§ **Task**
Each entry below is to be given again word for word, with no pictures.

[Stored entries]
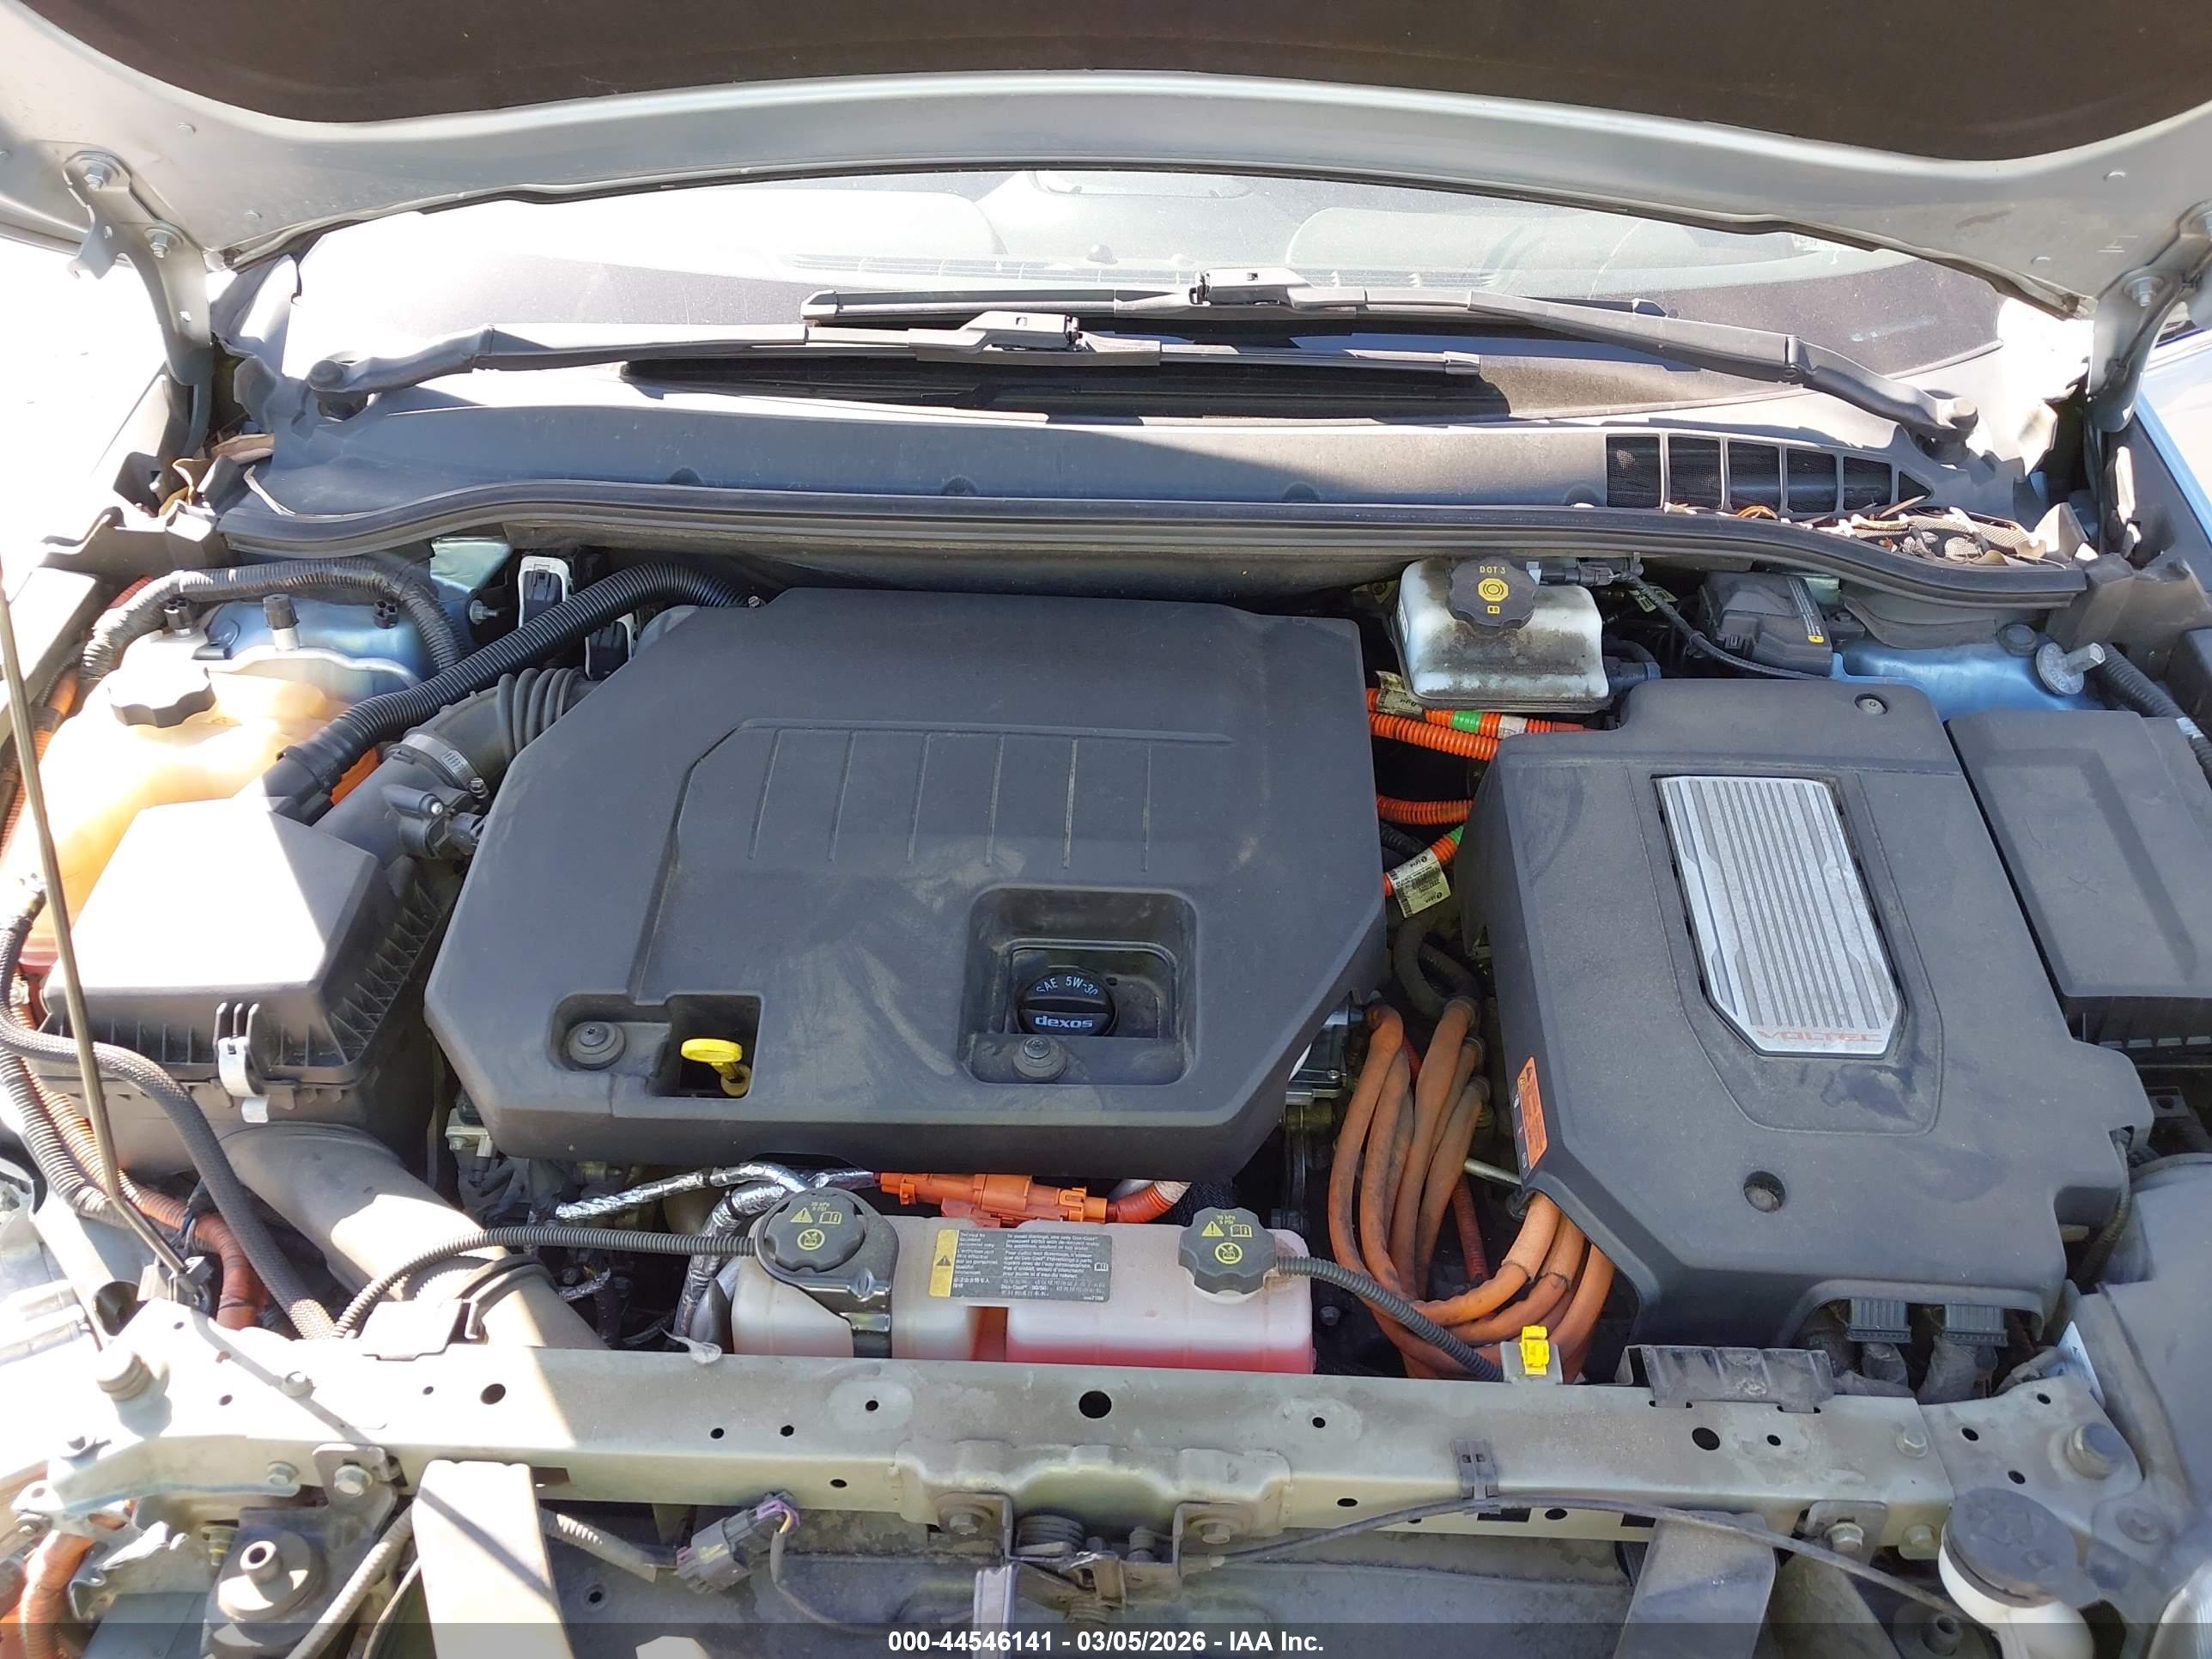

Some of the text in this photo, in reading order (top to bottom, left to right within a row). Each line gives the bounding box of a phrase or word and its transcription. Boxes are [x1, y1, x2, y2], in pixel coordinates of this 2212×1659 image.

[1480, 565, 1506, 574] DOT 3
[1036, 977, 1059, 995] SAE
[1034, 1015, 1093, 1029] dexos
[1757, 1029, 1883, 1043] VOLTEC
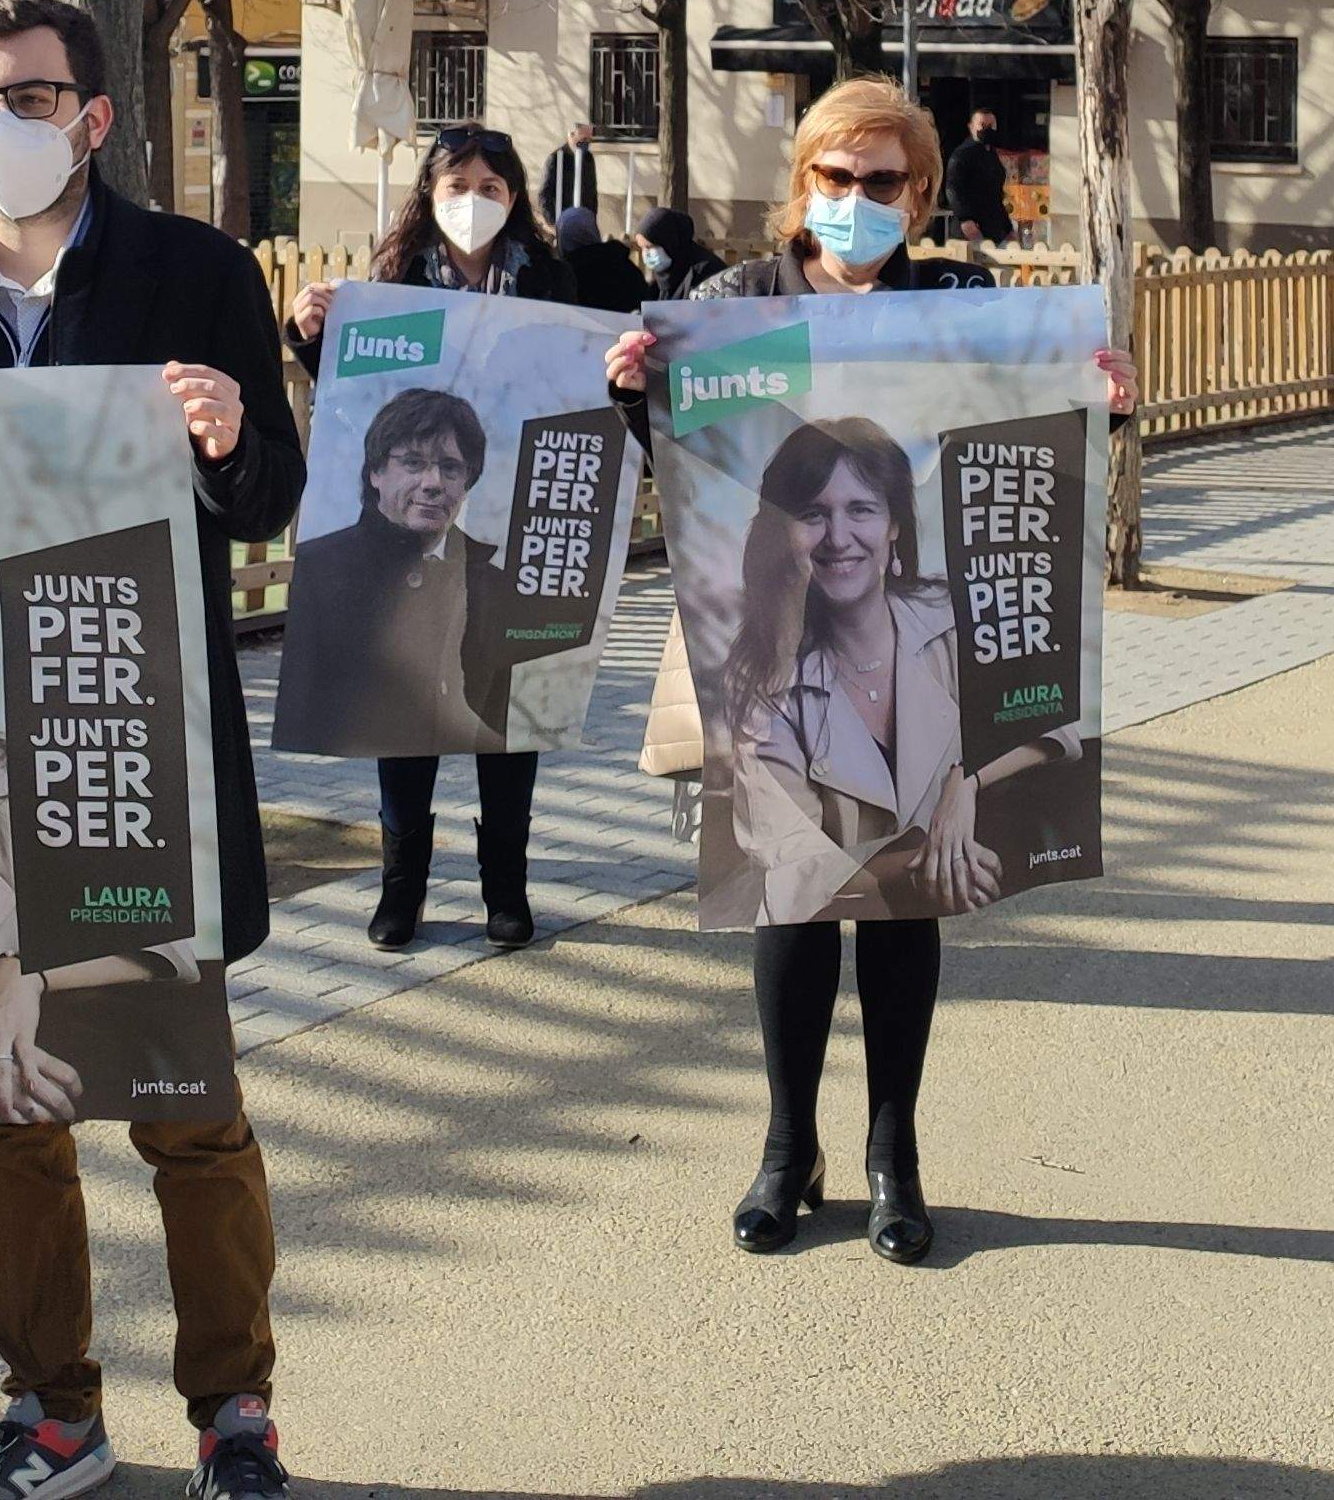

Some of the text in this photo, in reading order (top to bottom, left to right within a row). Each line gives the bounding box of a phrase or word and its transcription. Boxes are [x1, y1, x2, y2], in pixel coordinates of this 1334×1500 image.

§ **Reply**
Some of the text in this photo, in reading order (top to bottom, left to right within a row). Each line gives the bounding box of a phrase or word and its transcription. Boxes are [x1, y1, x2, y2], in pixel coordinates of this 2212×1659 image.

[1480, 565, 1506, 574] DOT 3
[1036, 977, 1059, 995] SAE
[1034, 1015, 1093, 1029] dexos
[1757, 1029, 1883, 1043] VOLTEC

Some of the text in this photo, in reading order (top to bottom, left to right within a row). Each line gives the bounding box of a phrase or word and its transcription. Boxes are [x1, y1, x2, y2], in pixel coordinates of this 1334×1500 image.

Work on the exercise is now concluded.